Nuclea tax breaks to spur up to 20 Pittsfield jobs
PITTSFIELD -- Nuclea Biotechnologies Inc. has received more than $510,000, in tax incentives from the Massachusetts Life Sciences Center -- on the condition it creates 25 full-time jobs in 2014.
Patrick J. Muraca, president and CEO of the firm, said the majority of those new positions -- between 17 and 20 -- will be created in Pittsfield.
The company, which also has facilities in Cambridge and Worcester, currently employs 36 people in Pittsfield. The new positions will expand Nuclea's total workforce to close to 90 employees.
The Pittsfield-based firm, which discovers and develops biomarkers and diagnostic arrays, or tests, for treating various kinds of cancers, was one of 33 life sciences companies around the state that officially received $25 million from the MLSC's Tax Incentive Program on Wednesday.

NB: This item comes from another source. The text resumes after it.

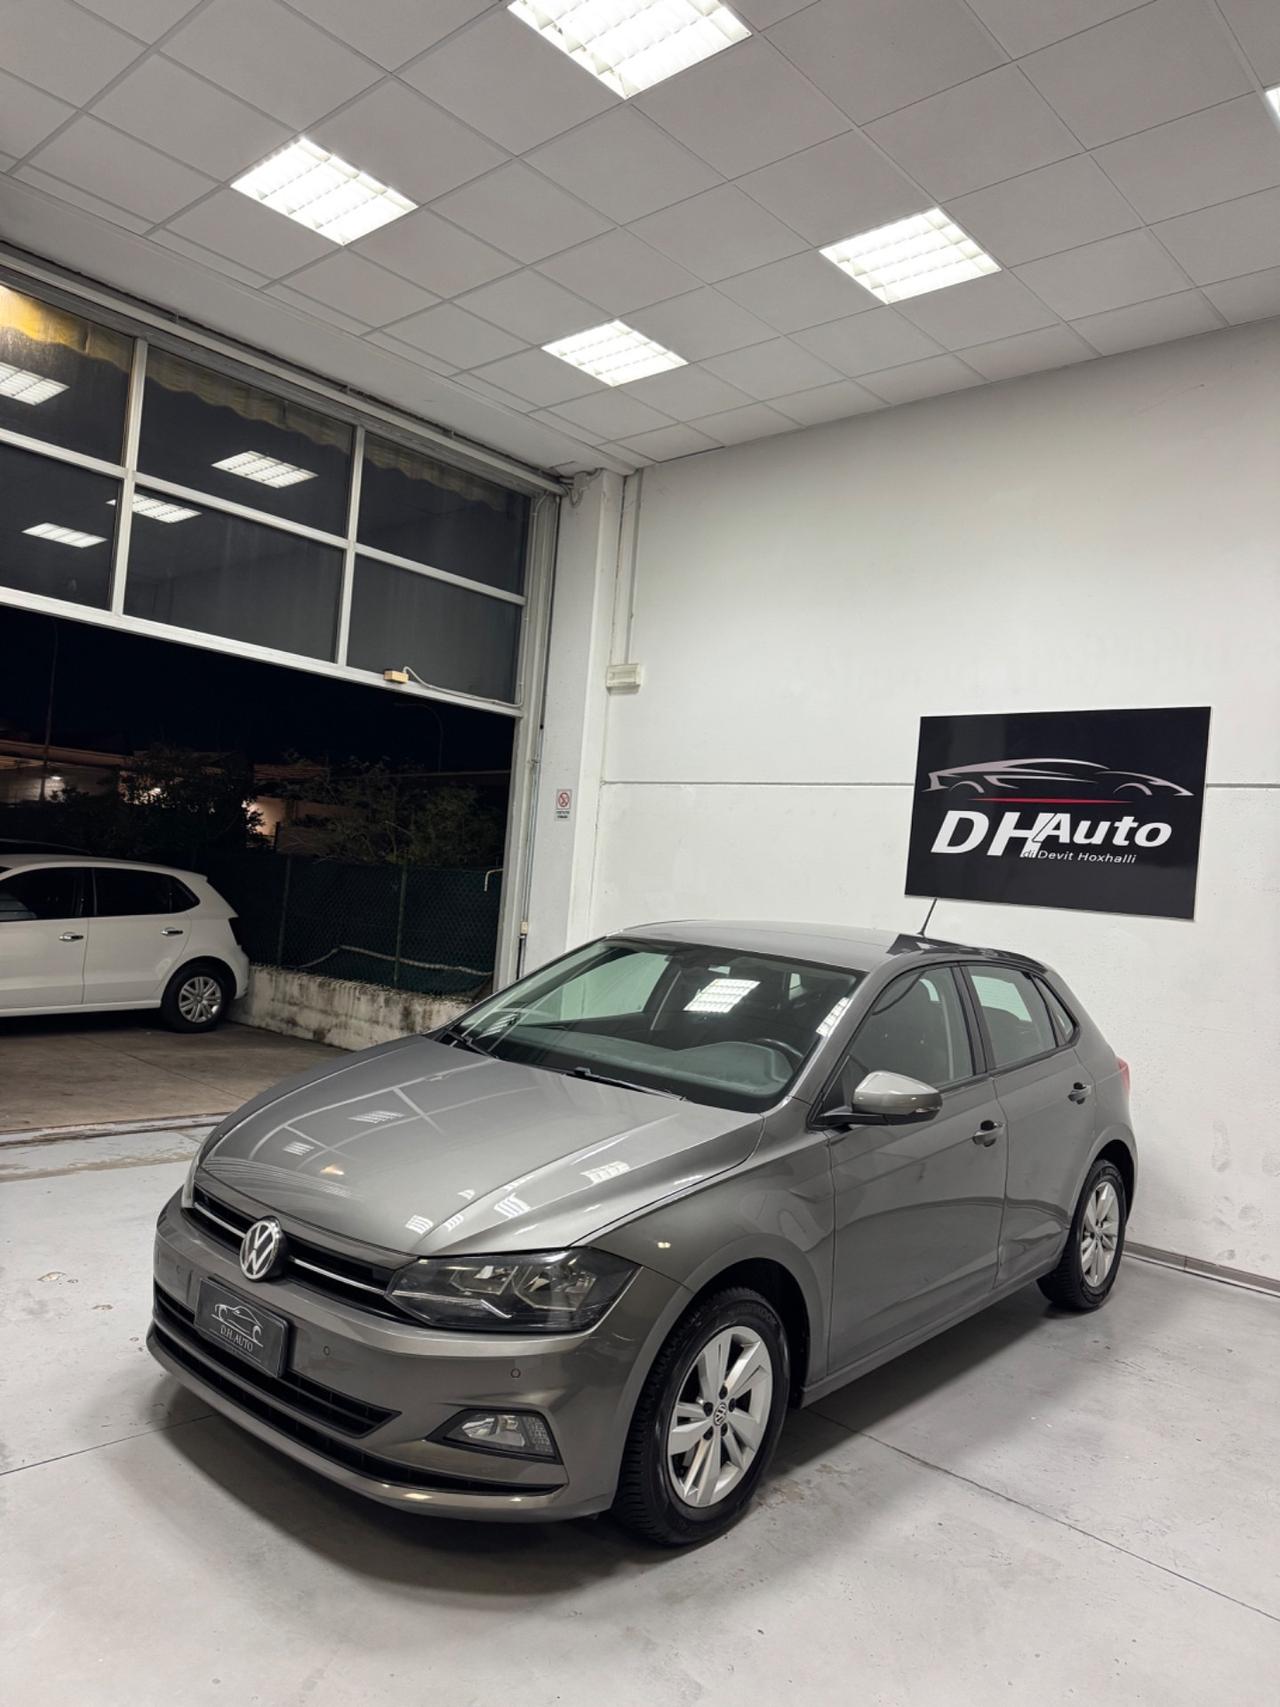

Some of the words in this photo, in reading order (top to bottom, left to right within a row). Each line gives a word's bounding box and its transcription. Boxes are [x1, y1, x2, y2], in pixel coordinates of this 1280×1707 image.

[1032, 813, 1173, 847] Auto
[1037, 850, 1074, 861] Devit
[1077, 852, 1137, 863] Hoxhalli
[234, 1336, 253, 1352] AUTO

It was the only company from Western Massachusetts selected in this round of funding.
"This is huge for our region," Muraca said. "We're very happy. We've been asking the state to step up and help us out and they've really done that."

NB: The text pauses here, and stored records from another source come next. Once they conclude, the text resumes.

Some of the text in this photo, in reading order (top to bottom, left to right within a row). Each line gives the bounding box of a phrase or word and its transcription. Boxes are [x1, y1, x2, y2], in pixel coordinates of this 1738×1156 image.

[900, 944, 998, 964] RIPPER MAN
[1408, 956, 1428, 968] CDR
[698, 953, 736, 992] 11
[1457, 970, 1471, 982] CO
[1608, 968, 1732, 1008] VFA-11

Under the terms of the program, the jobs that Nuclea creates with this funding must be maintained for at least five years. Companies that don't meet or maintain the minimum threshold for job creation are required to pay back all or part of their tax incentives to the state Department of Revenue.

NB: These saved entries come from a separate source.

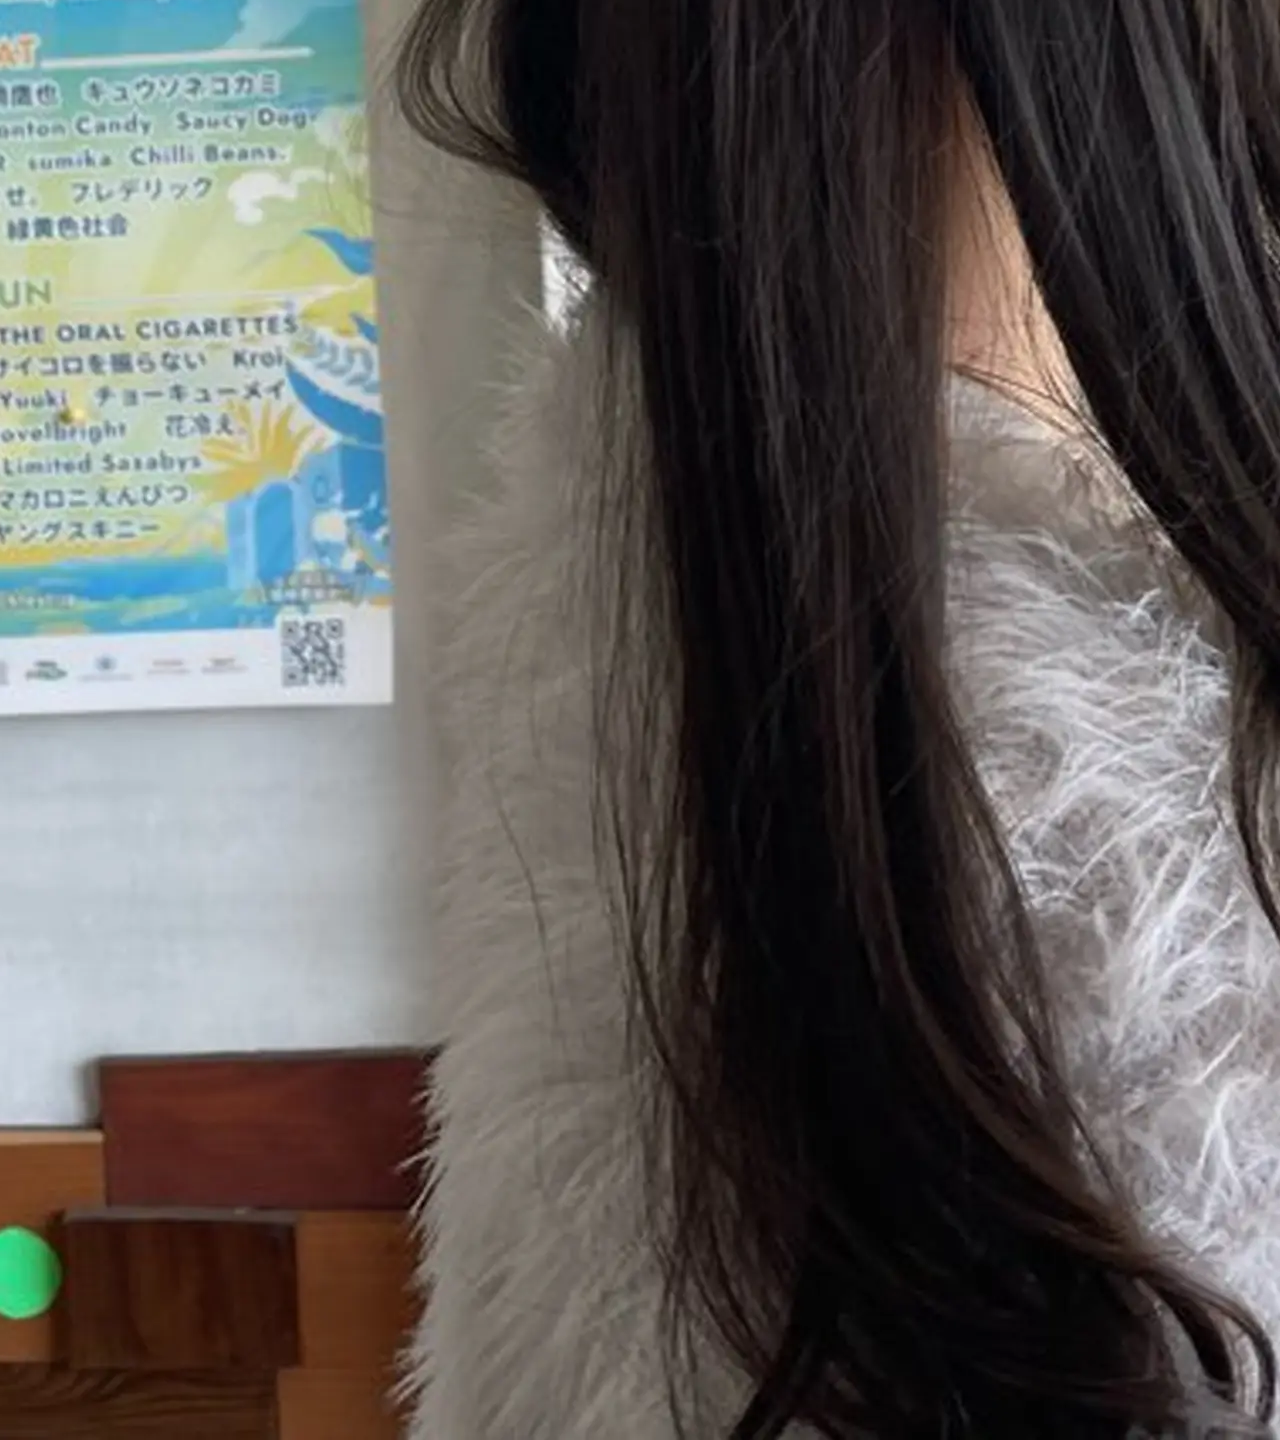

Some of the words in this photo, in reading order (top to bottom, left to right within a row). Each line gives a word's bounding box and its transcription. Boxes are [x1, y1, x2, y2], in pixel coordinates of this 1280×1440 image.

[83, 72, 279, 106] キュウソネコカミ
[74, 109, 152, 136] Candy
[176, 109, 248, 133] Saucy
[28, 150, 112, 173] sumika
[129, 145, 194, 167] Chilli
[71, 178, 212, 205] フレデリック
[55, 321, 126, 345] ORAL
[135, 312, 299, 341] CIGARETTES
[232, 344, 284, 367] Kroi
[0, 388, 67, 410] Yuuki
[94, 380, 286, 408] チョーキューメイ
[2, 452, 93, 476] Limited
[102, 450, 203, 474] Sazabys

Muraca said the new positions will range from marketing to manufacturing jobs, with the majority of them in manufacturing. All of the jobs created by the funding must be full-time positions.
Nuclea's only manufacturing facility is currently in Cambridge, a 20,000-square-foot plant the company acquired when it purchased the American subsidiary of a German pharmaceutical firm last September.
Nuclea's Pittsfield operations are focused mainly on research and development, but Muraca said the company is planning to establish a second manufacturing facility in Pittsfield.
"We're working on that now," said Muraca, who declined comment on the specifics of that proposal. "We hope to find a landing spot (site) very soon."
He said the Pittsfield facility will focus on diagnostic manufacturing and will be "totally different" from the company's plant in Cambridge.
"It's being negotiated right now," Muraca said. "It's really going to help Nuclea grow."
The MLSC's tax incentive program, part of the state's 10-year, $1 billion Life Sciences Initiative, authorizes up to $25 million in tax incentives every year for companies engaged in life sciences research and development, commercialization and manufacturing.
This is the fifth year that funding has been offered through the tax incentive program, which like the Life Sciences Initiative, is overseen by the MLSC.
"Over the past five years the Life Sciences Center's Tax Incentive Program has encouraged life sciences companies large and small to create jobs and grow in Massachusetts," said Susan Windham-Bannister, the president and CEO of the MLSC.
"This program continues to provide a solid return to the commonwealth, while holding life sciences employers who receive our incentives highly accountable for meeting their job creation commitments," she said.
In other business, Enzo Biochem Inc. and its Enzo Clinical Labs subsidiary have entered into a non-exclusive agreement to market Nuclea's non-invasive HER-2/neu serum test, a key array in the monitoring on metastatic breast cancer.
Utilizing the HER-2/neu blood test while monitoring the disease's progression will enable physicians to better adapt, combine therapies and change treatment protocols.
A publicly traded global company, Enzo Biochem is a pioneer in molecular diagnostics.